Mahvash Sabet et Fariba Kamalabadi ont déjà purgé 10 ans de prison pour leur militantisme ; les bahaïs sont considérés comme des hérétiques et qualifiés d'espions liés à Israël

Illustration : Des membres de la communauté bahaïe protestent à l'extérieur d'une cour de sécurité de l'État lors d'une audience dans le cas d'un compatriote bahaïe soupçonné de contacts avec Israël et accusé de chercher à établir une base pour la communauté au Yémen, à Sanaa, au Yémen, dimanche 3 avril 2016. (Crédit : AP/Hani Mohammed)
Illustration : Des membres de la communauté bahaïe protestent à l'extérieur d'une cour de sécurité de l'État lors d'une audience dans le cas d'un compatriote bahaïe soupçonné de contacts avec Israël et accusé de chercher à établir une base pour la communauté au Yémen, à Sanaa, au Yémen, dimanche 3 avril 2016. (Crédit : AP/Hani Mohammed)

Deux figures de premier plan de la minorité religieuse bahaïe, interdite en Iran, ont été condamnées à une nouvelle de peine de 10 ans de prison chacune, a annoncé dimanche un groupe représentant cette communauté à l’ONU.

Mahvash Sabet, 69 ans, et Fariba Kamalabadi, 60 ans, qui avaient toutes deux déjà purgé 10 ans de prison pour leur activité militante, ont été condamnées à de nouvelles peines après un procès qui a duré une heure le 21 novembre, a indiqué la Communauté internationale bahaïe (BIC) dans un communiqué.

Les deux femmes avaient été arrêtées fin juillet dans le cadre d’une nouvelle campagne de répression contre les bahaïs, estimés à quelque 300 000 en Iran.

La République islamique d’Iran accorde la liberté de culte à des minorités non musulmanes, notamment aux chrétiens, juifs ou zoroastriens, mais pas aux fidèles de la foi bahaïe. Leur siège mondial historique des bahaïs se trouve à Haïfa, une grande ville du nord d’Israël.

Terraces of the Bahai Faith, overlooking Haifa and the coast (photo credit: Oren Fixler / Flash90)
Terrasses des jardins bahaïs, surplombant Haïfa et la côte méditerranéenne. (Crédit : Oren Fixler/Flash90)

Les bahaïs sont considérés en Iran comme des hérétiques et qualifiés d' »espions » liés à Israël, ennemi juré de Téhéran.

Au moins 90 bahaïs sont actuellement en prison ou soumis à une surveillance, affirme BIC, faisant état en outre de 320 actes individuels de persécution contre les bahaïs dans la répression depuis fin juillet.

Des maisons ont d’autre part été détruites et des entreprises fermées dans le cadre de cette répression, ajoute-t-on de même source.

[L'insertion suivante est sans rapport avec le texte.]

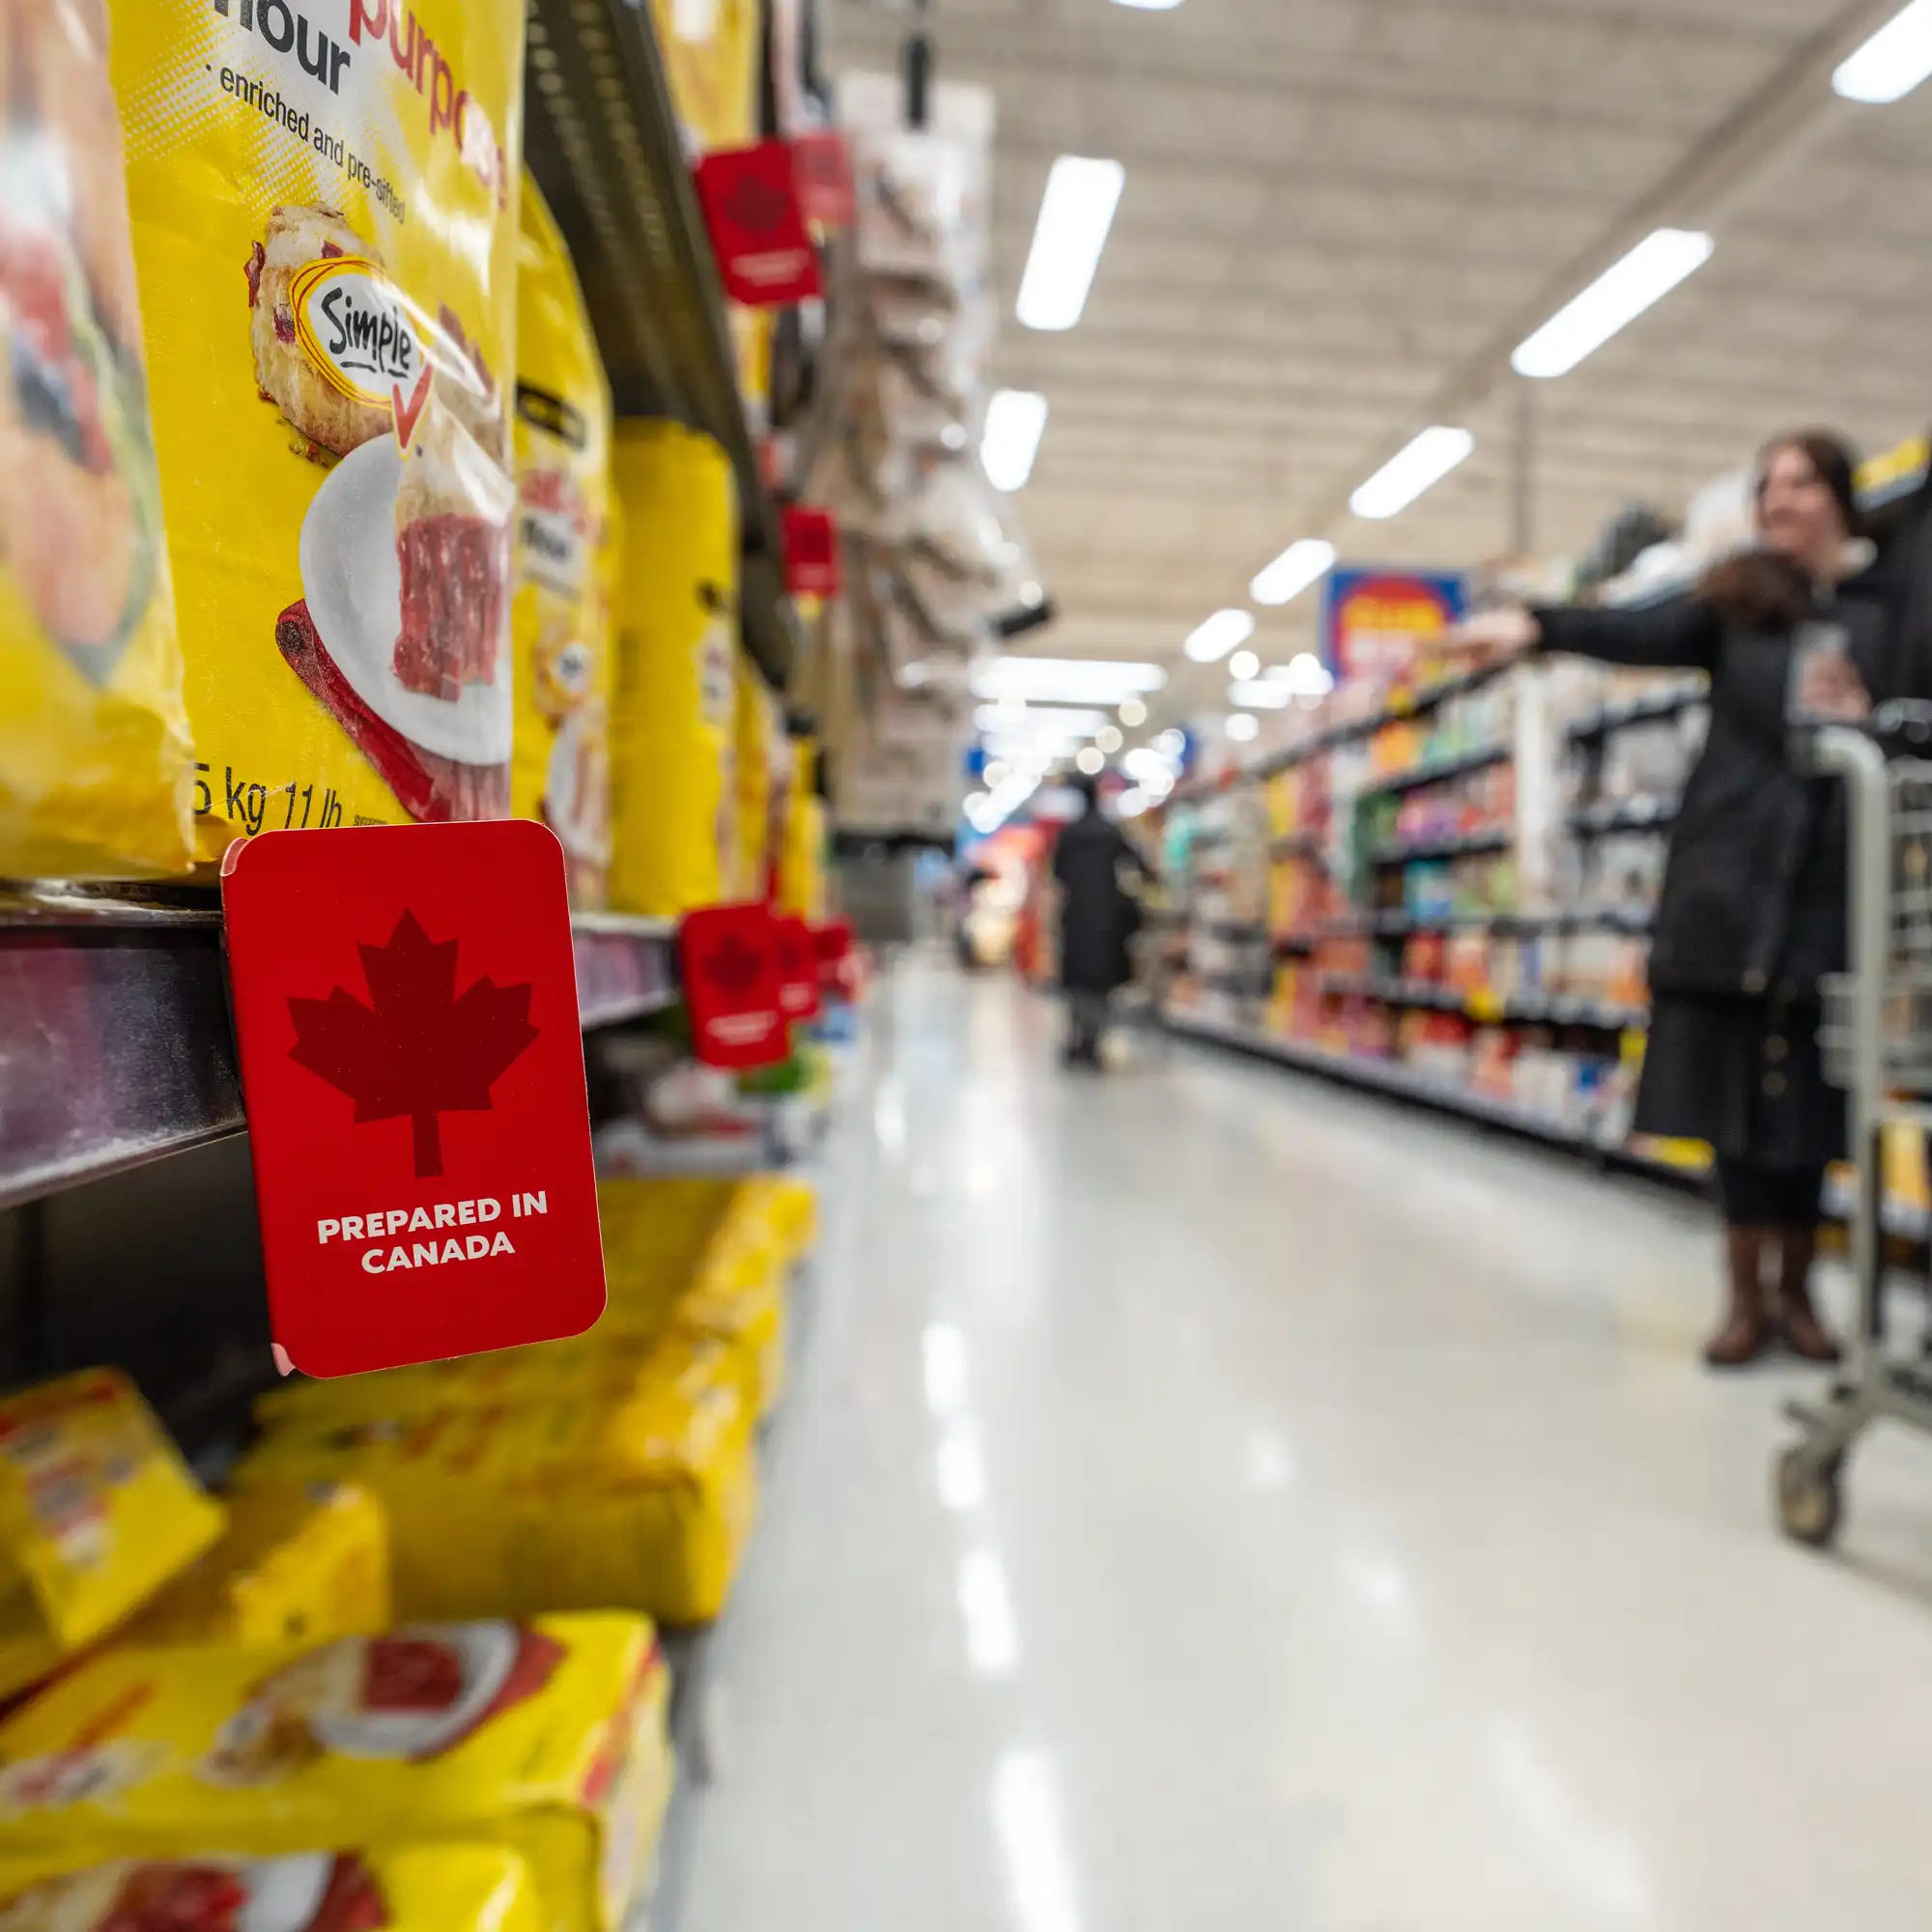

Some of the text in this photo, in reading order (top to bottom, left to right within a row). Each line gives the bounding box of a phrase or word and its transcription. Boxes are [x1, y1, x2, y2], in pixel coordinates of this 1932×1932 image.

[214, 0, 352, 96] our
[220, 66, 406, 225] enriched and pre-sifted
[321, 287, 412, 373] Simple
[225, 766, 267, 836] kg
[285, 781, 313, 829] 11
[320, 788, 342, 828] lb
[317, 1190, 548, 1244] PREPARED IN
[361, 1232, 516, 1274] CANADA

« Il est profondément affligeant d’apprendre que ces deux femmes bahaïes, qui ont à la fois déjà et injustement perdu une décennie de leur vie en prison pour leurs convictions, sont à nouveau incarcérées pour encore 10 ans pour les mêmes accusations ridicules », a déploré Simin Fahandej, représentante du BIC auprès de l’ONU à Genève.

« Il n’y a pas de mots pour décrire cette injustice absurde et cruelle », a-t-elle ajouté.

On ignore les accusations précises portées contre elles, mais le ministère iranien des Renseignements avait indiqué début août avoir arrêté « un certain nombre de membres » de la communauté bahaïe, les accusant d’espionnage en lien avec Israël et de propagation de leur foi.

L’Iran est aussi le théâtre de manifestations déclenchées le 16 septembre par la mort de Mahsa Amini, une Kurde iranienne de 22 ans, après son arrestation par la police des mœurs pour avoir, d’après celle-ci, enfreint le code vestimentaire strict de la République islamique.